Try it: Output every record exactly and leave each picture out.

Exercise inputs:

+++

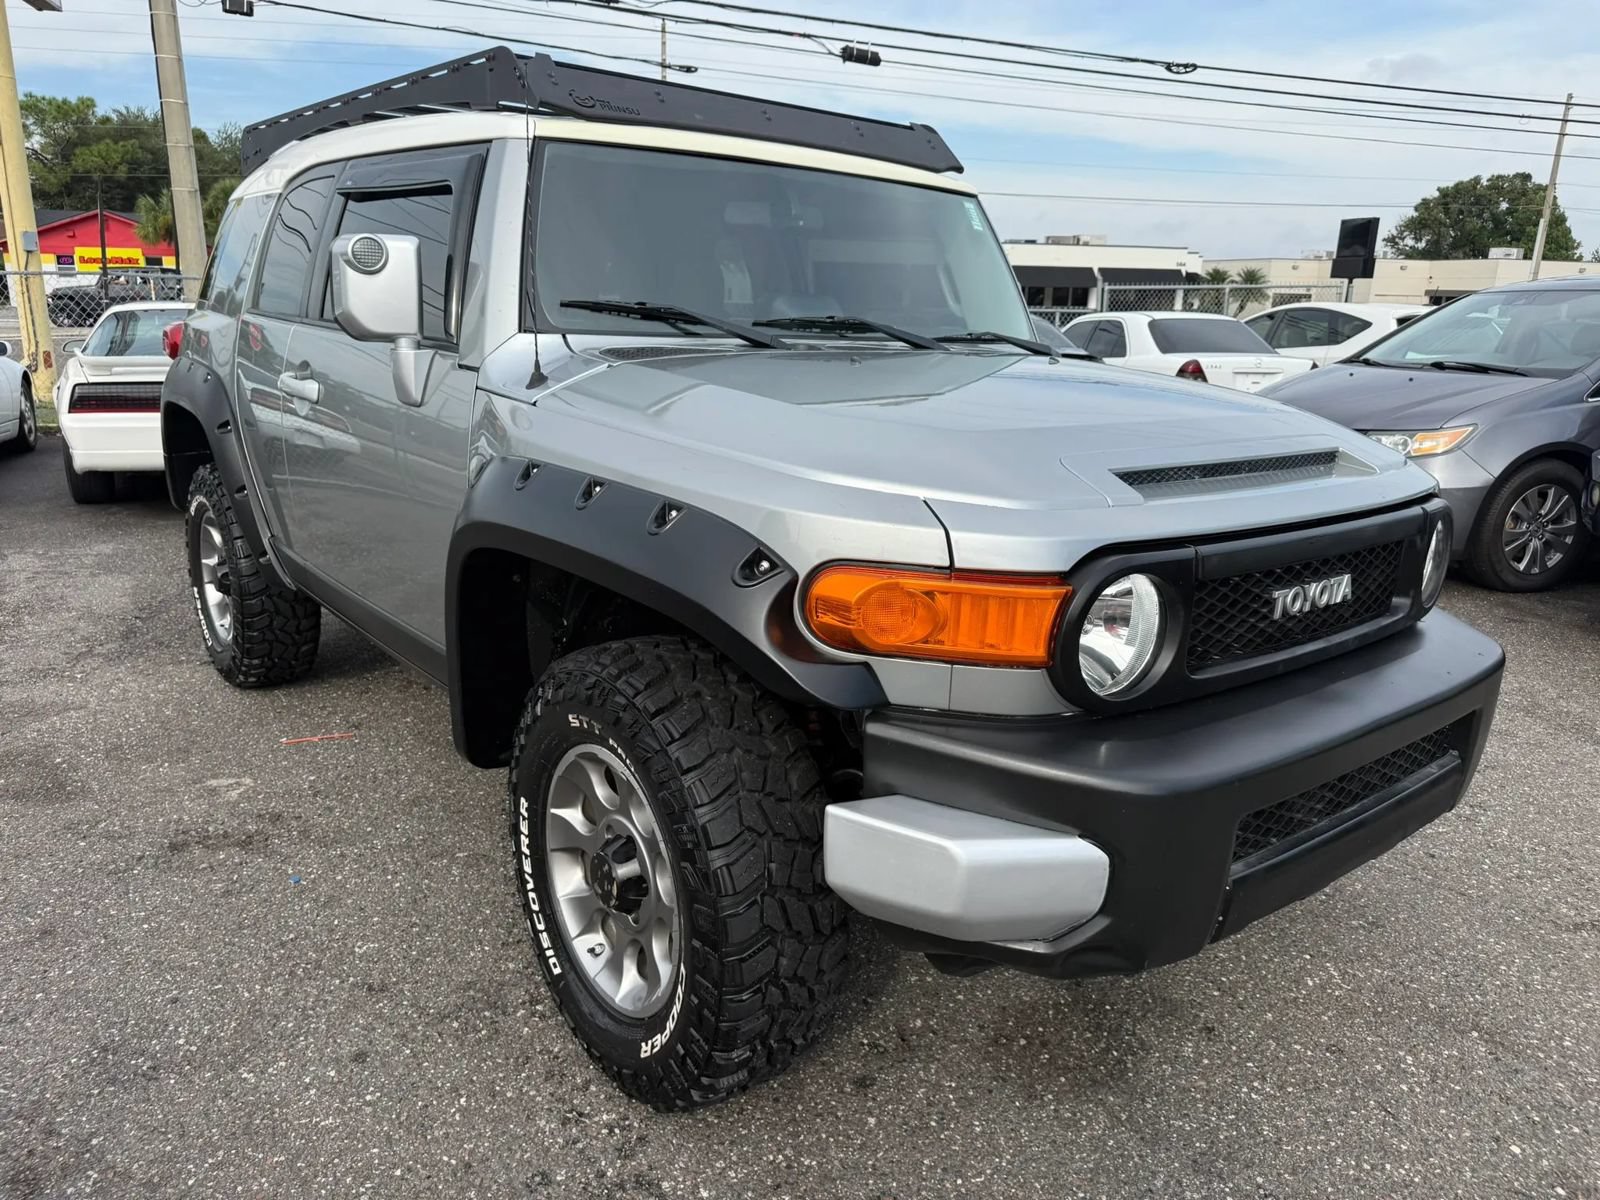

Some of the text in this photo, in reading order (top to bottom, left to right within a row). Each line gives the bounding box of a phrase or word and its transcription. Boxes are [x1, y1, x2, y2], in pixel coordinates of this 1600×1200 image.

[599, 102, 641, 116] PRINSU
[1272, 574, 1352, 620] TOYOTA
[568, 713, 602, 735] STT
[519, 796, 563, 976] DISCOVERER
[640, 962, 687, 1059] COOPER
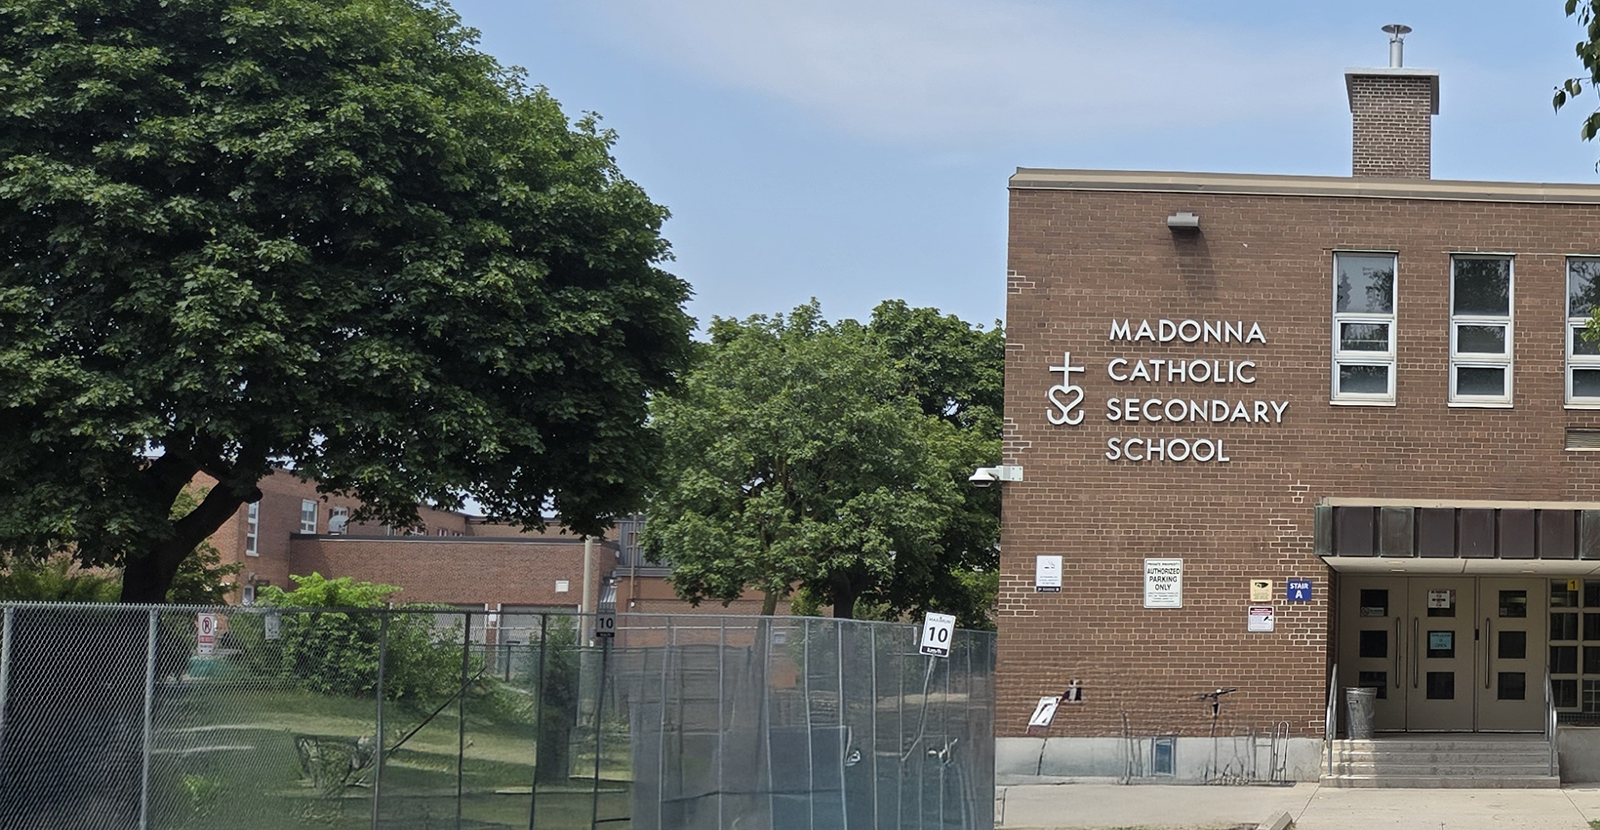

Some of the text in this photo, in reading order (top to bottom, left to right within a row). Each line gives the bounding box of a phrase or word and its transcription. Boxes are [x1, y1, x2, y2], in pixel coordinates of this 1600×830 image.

[1109, 318, 1267, 344] MADONNA
[1107, 358, 1256, 384] CATHOLIC
[1106, 397, 1289, 423] SECONDARY
[1105, 437, 1230, 462] SCHOOL
[1147, 567, 1180, 575] AUTHORIZED
[1149, 575, 1178, 583] PARKING
[1570, 580, 1576, 590] 1
[1289, 582, 1309, 590] STAIR
[1295, 590, 1303, 599] A
[599, 617, 614, 629] 10
[929, 626, 948, 643] 10

+++

Exercise result:
Some of the text in this photo, in reading order (top to bottom, left to right within a row). Each line gives the bounding box of a phrase or word and its transcription. Boxes are [x1, y1, x2, y2], in pixel coordinates of this 1600×1200 image.

[599, 102, 641, 116] PRINSU
[1272, 574, 1352, 620] TOYOTA
[568, 713, 602, 735] STT
[519, 796, 563, 976] DISCOVERER
[640, 962, 687, 1059] COOPER

Some of the text in this photo, in reading order (top to bottom, left to right within a row). Each line gives the bounding box of a phrase or word and its transcription. Boxes are [x1, y1, x2, y2], in pixel coordinates of this 1600×830 image.

[1109, 318, 1267, 344] MADONNA
[1107, 358, 1256, 384] CATHOLIC
[1106, 397, 1289, 423] SECONDARY
[1105, 437, 1230, 462] SCHOOL
[1147, 567, 1180, 575] AUTHORIZED
[1149, 575, 1178, 583] PARKING
[1570, 580, 1576, 590] 1
[1289, 582, 1309, 590] STAIR
[1295, 590, 1303, 599] A
[599, 617, 614, 629] 10
[929, 626, 948, 643] 10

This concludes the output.